Method Avg. Train R² ↑ Avg. Test MAE ↓
Acc./Pass@1 0.304 3.709
iSFT 0.290 5.123
TED 0.375 3.377
MPCA 0.194 302.642
NLL 0.485 5.173
\(R^\phi\) (trace NLL only) 0.867 1.455
rBridge 0.874 1.384
  • rBridge achieves the best results in 10 out of 12 settings (6 benchmarks × R²/MAE).
  • 1B→32B: R²=0.826, MAE=1.481, also best overall.
  • 1B→13B+SFT: R²=0.846, MAE=1.304, best overall.

Ablation Study (Dataset Ranking, <100M→1.2B)

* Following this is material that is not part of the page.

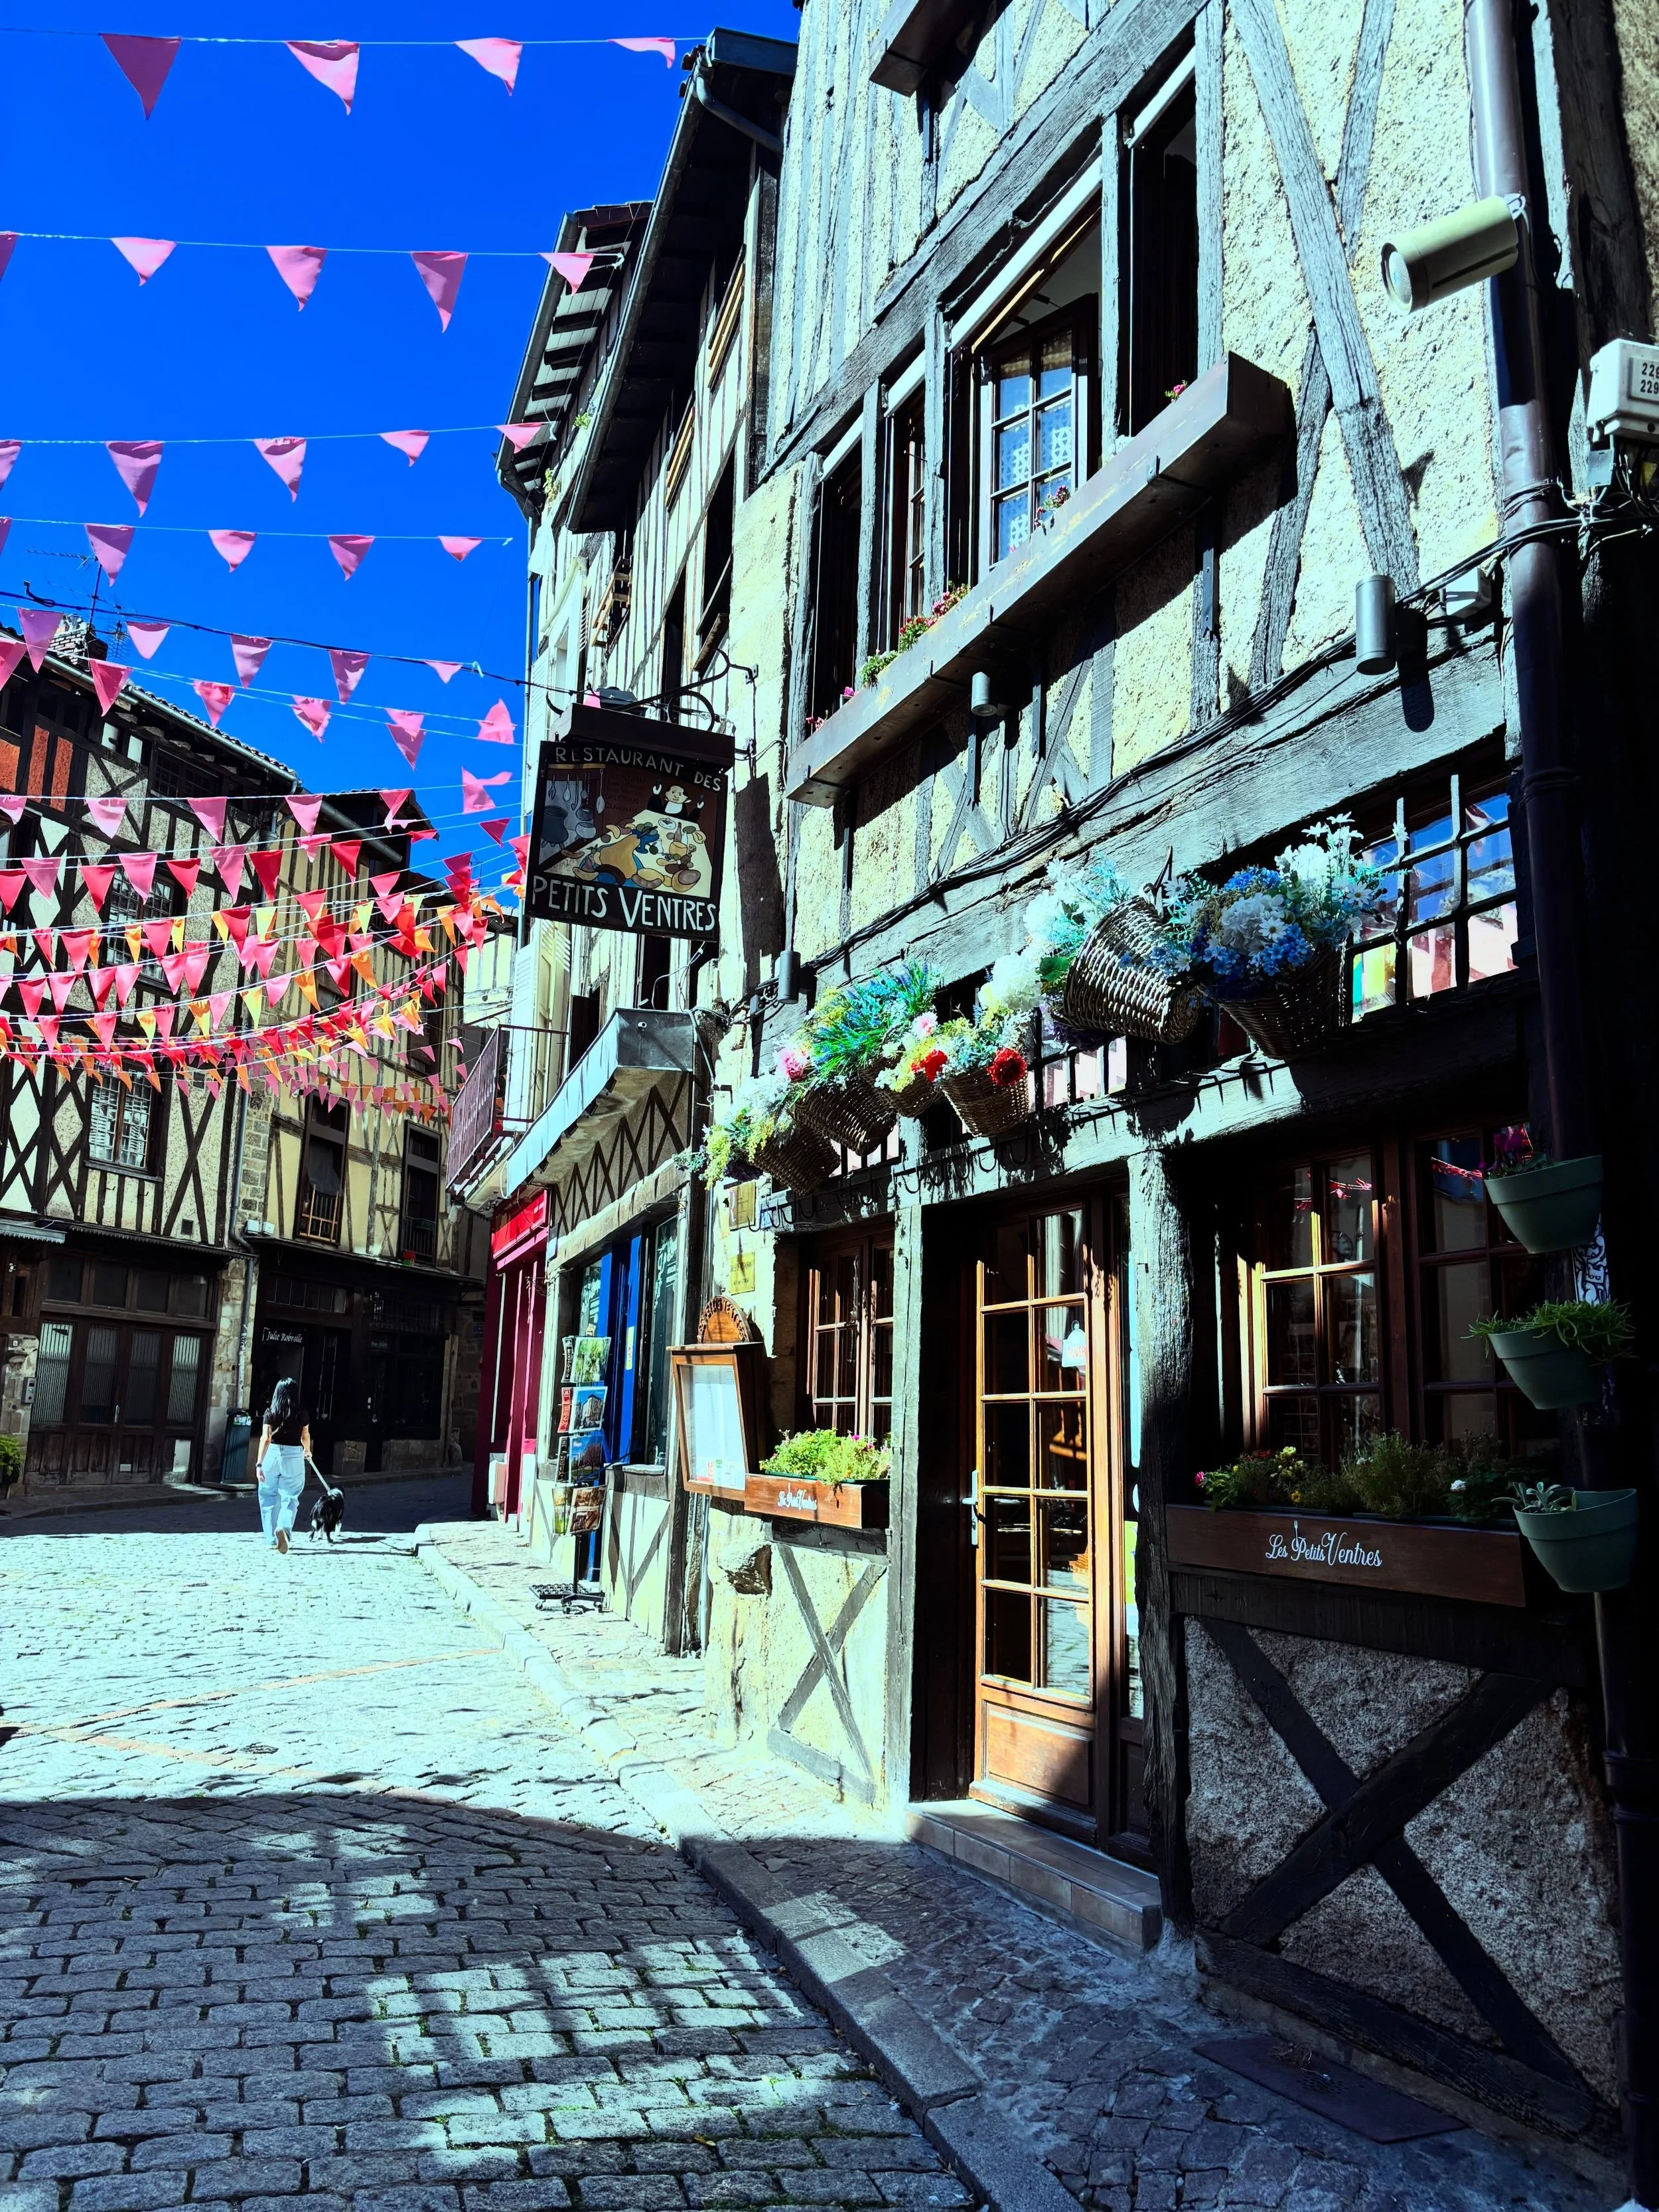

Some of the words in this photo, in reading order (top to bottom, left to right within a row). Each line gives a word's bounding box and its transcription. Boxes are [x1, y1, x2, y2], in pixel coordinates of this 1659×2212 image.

Proxy Scale rBridge DAcc Best Baseline DAcc Computational Savings
3.7M (87.3M tokens) ~70% ~50% (random level) 733.4×
6M (81.6M tokens) ~75% ~55% 100.2×
97.9M ~80% ~75% -
  • At the smallest proxy scale (3.7M), rBridge outperforms baselines by 27% DAcc.
  • To achieve equivalent ranking accuracy, rBridge saves 100.2× to 733.4× FLOPs.

Key Findings

  1. rBridge outperforms models 7–13× larger: A 1B model using rBridge surpasses the predictive capability of 7B/13B models evaluated directly via accuracy.
  2. Zero-shot cross-dataset transfer: The rBridge→Acc function fitted on OLMo-Mix-1124 transfers zero-shot to another dataset, achieving perfect ranking on 5 out of 5 benchmarks with MAE of only 0.043–1.417 (one outlier at 9.716).
  3. Ablations confirm each component's contribution: Each step from standard NLL → using \(R^\phi\) → adding weighting → MinMax normalization yields consistent improvements.

Highlights & Insights

  • Deep insight: Small models do not "fail" on reasoning benchmarks due to a lack of information, but because the evaluation method (Acc.) is mismatched with the capabilities of small models.
  • NLL returns to its roots: The pre-training objective is NTP, and evaluation should likewise return to NLL — but the key lies in what is used as the gold label.
  • Frontier model probabilities as automatic annotators: Token probabilities naturally encode "which steps are critical reasoning steps," eliminating the need for manual annotation.
  • Highly practical: The two-stage dataset optimization framework (<100M initial screening → 1B fine-grained ranking) has direct industrial application value.

Limitations & Future Work

  • Frontier models are not 100% accurate; a small number of incorrect reasoning traces may introduce noise (though filtering out incorrect traces shows only marginal improvement in experiments).
  • Frontier models occasionally fail to generate outputs in the required format (currently retried only once before being discarded).
  • Zero-shot transfer has only been validated on one dataset pair at the 1B→7B scale, limited by computational budget.
  • Effectiveness on non-reasoning tasks has not been verified (although mature solutions already exist for such tasks).
  • The two-stage optimization framework is proposed as a discussion point only and has not been fully validated experimentally.
  • Complements the scaling law literature (Kaplan et al., Hoffmann et al.): rBridge specifically addresses the proxy difficulties introduced by reasoning emergence.
  • Directly compared with the DataDecide benchmark: rBridge achieves optimal ranking on its tasks at very low cost.
  • Implications for pre-training data mixture optimization (Xie et al., Liu et al.): NLL/perplexity is a suboptimal metric; rBridge is better suited for reasoning-oriented data selection.
  • Broad applicability: Any scenario requiring "using small models to predict large-model behavior" can consider the rBridge paradigm.

Rating

  • Novelty: ⭐⭐⭐⭐ The core insight (NLL + frontier trace + token weighting) is not entirely new, but the combination is elegant and yields significant gains.
  • Experimental Thoroughness: ⭐⭐⭐⭐⭐ Three-stage experimental design is rigorous: 6 benchmarks × multiple model scales × ablations × cross-dataset transfer.
  • Writing Quality: ⭐⭐⭐⭐ Structure is clear and problem analysis is progressive, though notation and tables are dense.
  • Value: ⭐⭐⭐⭐⭐ Directly reduces pre-training exploration costs by 100×+, with extremely high industrial deployment value.